Allie, those fundie cults and churches that practice control are scary, really. I've known too many women IRO and particularly online who have been involved and it has scarred them for life. And it happens in every state. I'm sure glad your mother kept her eyes open.



EtobicokeFA said:


> However, I also see that alot of the religions are against feminism, and equal rights for women. I agree that it is wrong that women, have to choose between their religion and their right to be equal.
> 
> To some women, it's a decision between being equal and going to hell or being unequal and going to heaven! And, there is where we run into trouble.

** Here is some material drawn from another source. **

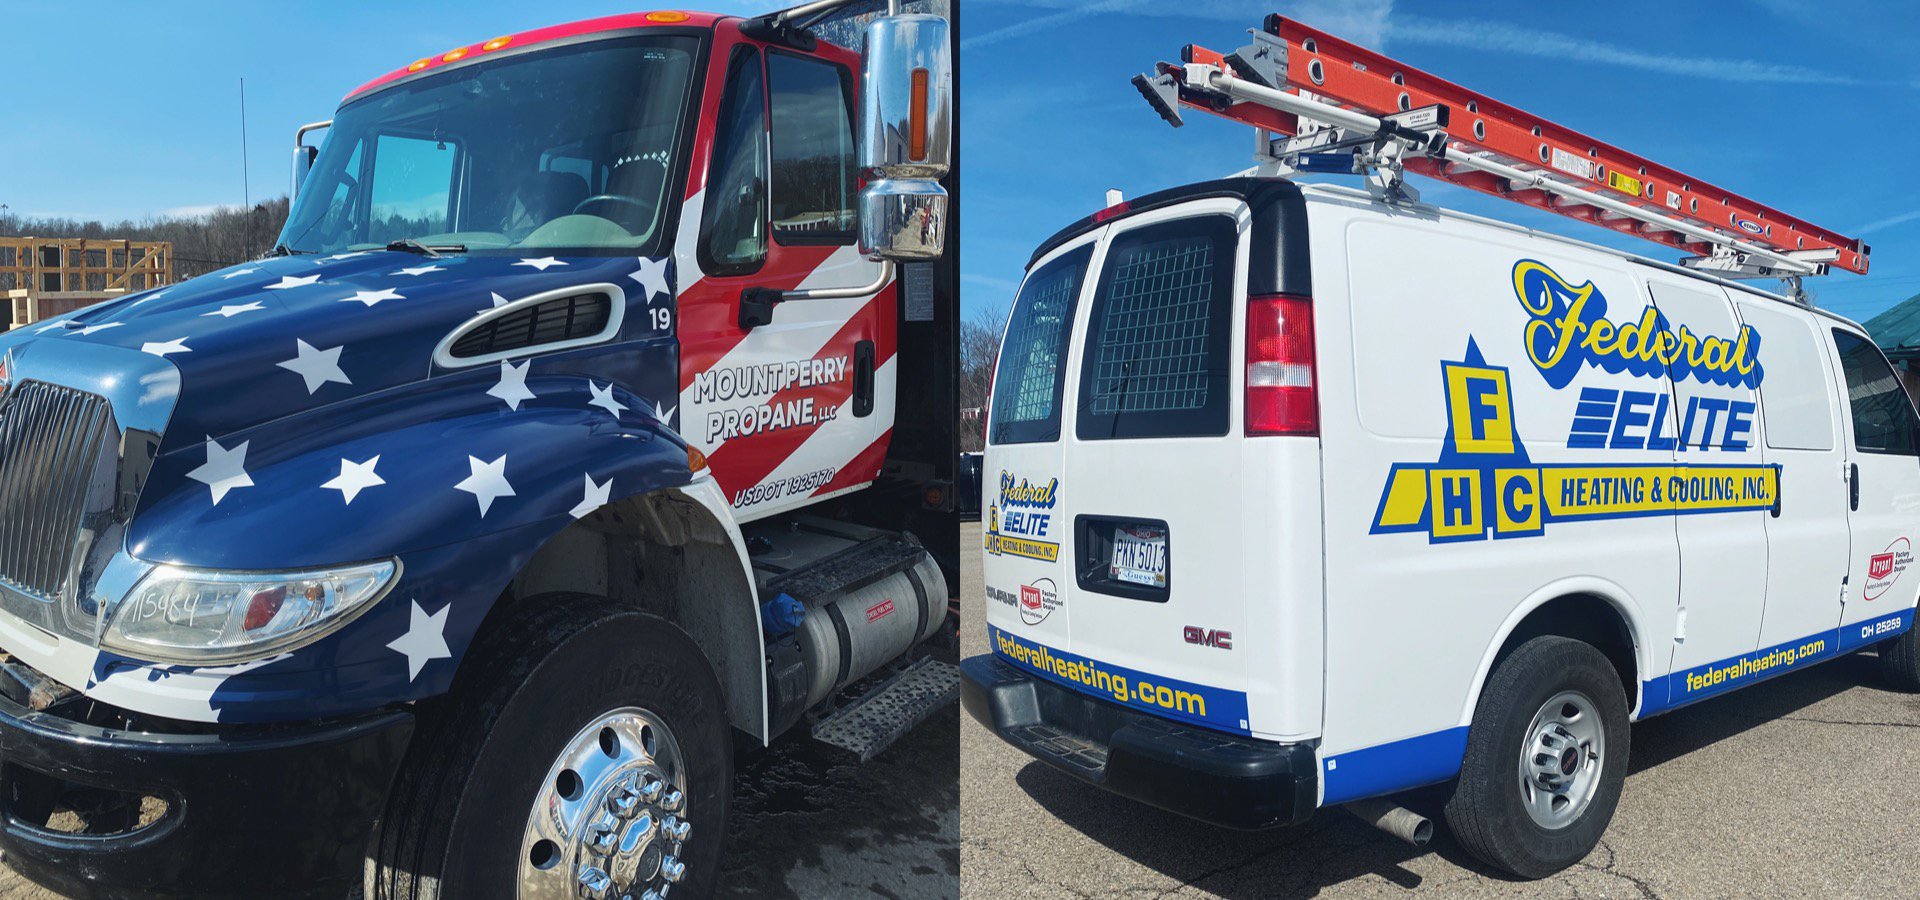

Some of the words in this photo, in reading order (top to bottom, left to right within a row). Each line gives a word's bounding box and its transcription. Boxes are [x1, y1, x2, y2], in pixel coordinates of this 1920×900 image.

And you know, for a lot of the women I've known online and IRL, it wasn't even consciously about being feminist or being equal, it was about not being tread on. It was about not being under the thumb of their husbands. I was about not being verbally and/or physically abused and then going to their pastor and being told to just stay there and obey their husband -- and I'm not talking fundie cults here but Christian churches, and many local.

Most religions do not want to recognize any sort of equality for women because then that would topple the male from being the head of the household and upset the status quo. This is why feminism threatens them, and why Jerry Falwell and his ilk are so afraid of feminism. Frankly, over the years, as I've said before, I have known hundreds of feminists, and posted with thousands, as well as running an online feminist magazine that published articles from around the globe, and any sort of man-hating was and is rare. Most of the women are in relationships -- and most with men (the image of feminists as lesbians is a naughty dream of too many people like Rush and Falwell). Most are not looking to rule their husbands, but are aware of inequities in society and in their relationships, and seek to find ways to even things out. This is what I support. I'm no man-hater, having grown up with guys as a teen -- having many more male friends than female, and still having male friends today. Also, my son always had friends at the house as it was the "hangout," and I helped to watch over a number of teen boys whose families were splintered and whose homes were dysfunctional. This certainly does not equal a hatred of males. 

I have no more love for females than males, but if given a choice whether going to a female or male in a male-dominated field I will always choose the woman as a way to even things out in that area. And until there is more parity -- until there is less of a movement for women to be the "helpmates" of man while he runs things up there on that controling pedestal, I will continue to believe as I do and work for change. And that's just this country. I'm not even talking about countries where a man and a woman have an affair and the man is slapped on the hand but the woman is stoned to death.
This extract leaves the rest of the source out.